<<<<
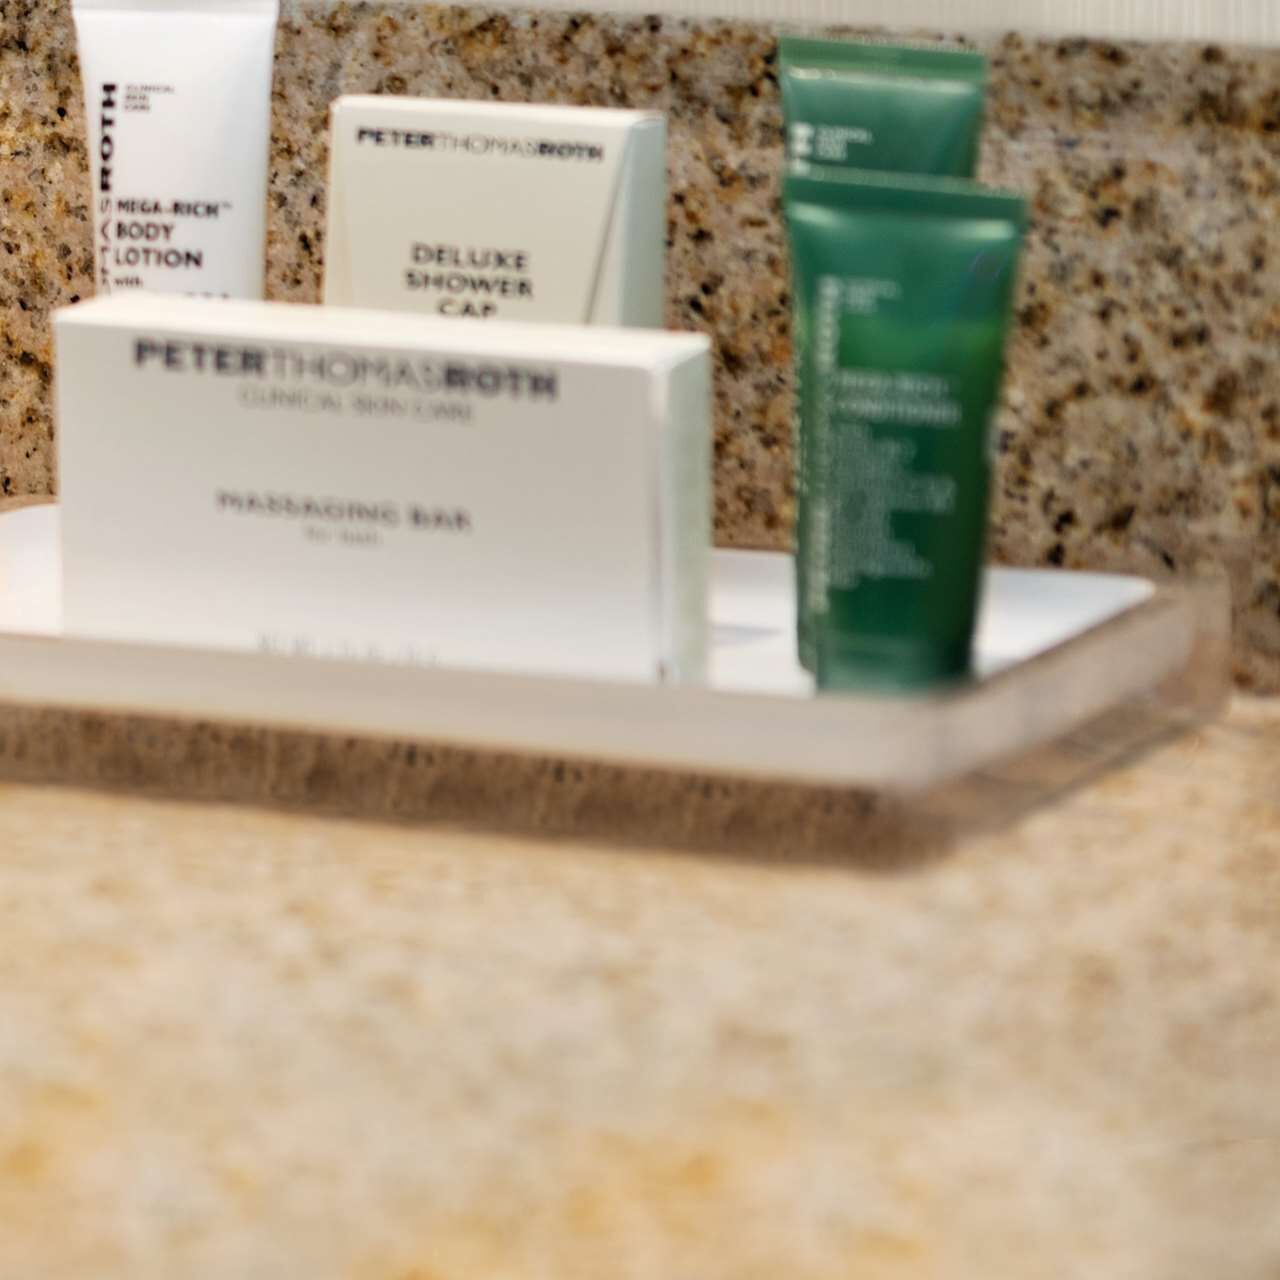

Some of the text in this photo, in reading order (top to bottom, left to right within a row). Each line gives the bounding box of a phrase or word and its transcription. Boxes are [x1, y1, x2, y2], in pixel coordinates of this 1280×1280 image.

[116, 223, 175, 241] BODY
[115, 248, 203, 269] LOTION
[411, 242, 529, 270] DELUXE
[405, 269, 533, 297] SHOWER
[437, 299, 498, 319] CAP
[215, 489, 473, 532] MASSAGING BAR
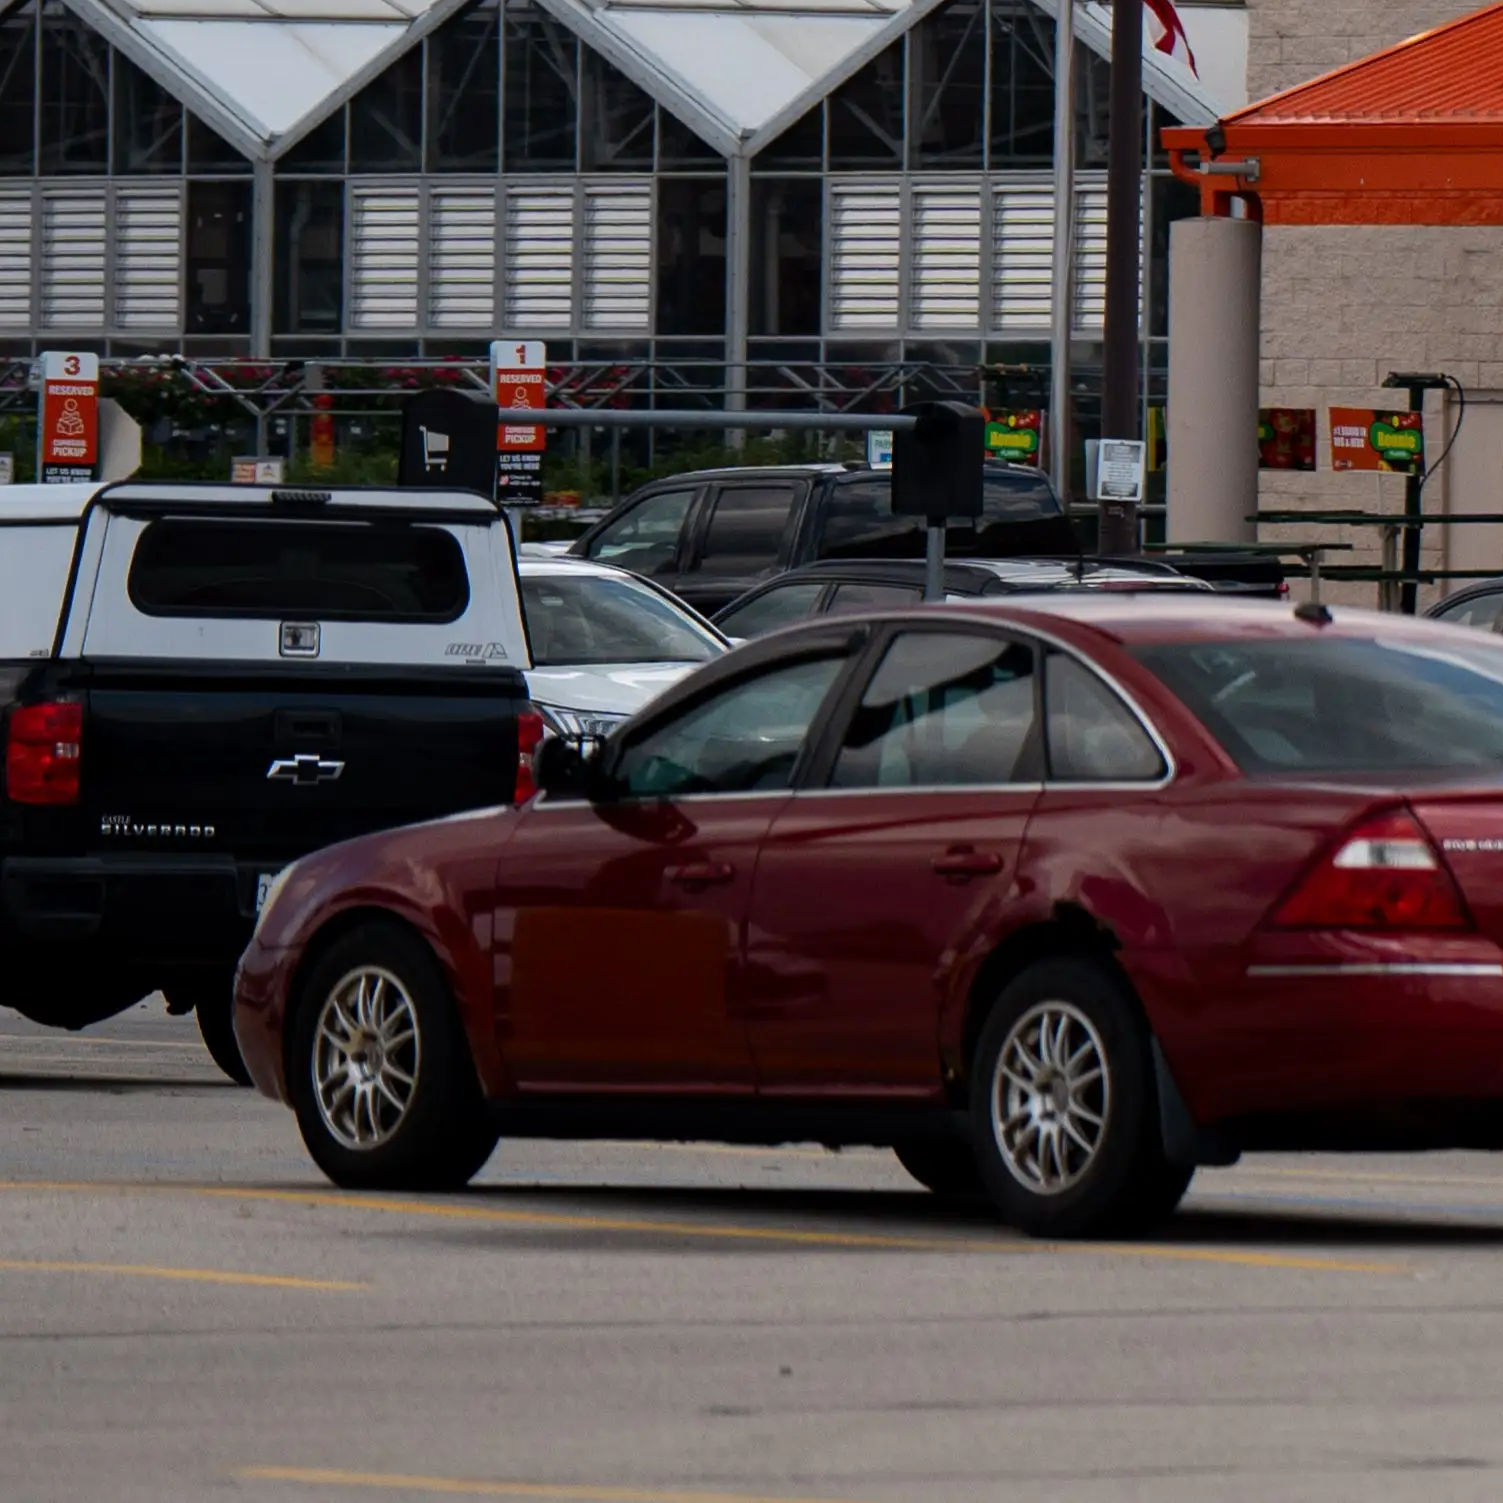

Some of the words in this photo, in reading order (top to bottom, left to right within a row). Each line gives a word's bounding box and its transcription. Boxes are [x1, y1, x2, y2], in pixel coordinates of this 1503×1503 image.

[516, 345, 526, 364] 1
[64, 356, 80, 376] 3
[500, 374, 542, 383] RESERVED
[48, 385, 94, 395] RESERVED
[990, 431, 1031, 448] Bonnie
[1377, 431, 1416, 449] Bonnie
[101, 824, 215, 836] SILVERADO
>>>>
Pictures are to be left out; the records above must be repeated word for word.

Some of the text in this photo, in reading order (top to bottom, left to right within a row). Each line gives the bounding box of a phrase or word and its transcription. Boxes are [x1, y1, x2, y2], in pixel coordinates of this 1280×1280 image.

[116, 223, 175, 241] BODY
[115, 248, 203, 269] LOTION
[411, 242, 529, 270] DELUXE
[405, 269, 533, 297] SHOWER
[437, 299, 498, 319] CAP
[215, 489, 473, 532] MASSAGING BAR

Some of the words in this photo, in reading order (top to bottom, left to right within a row). Each line gives a word's bounding box and its transcription. Boxes are [x1, y1, x2, y2], in pixel coordinates of this 1503×1503 image.

[516, 345, 526, 364] 1
[64, 356, 80, 376] 3
[500, 374, 542, 383] RESERVED
[48, 385, 94, 395] RESERVED
[990, 431, 1031, 448] Bonnie
[1377, 431, 1416, 449] Bonnie
[101, 824, 215, 836] SILVERADO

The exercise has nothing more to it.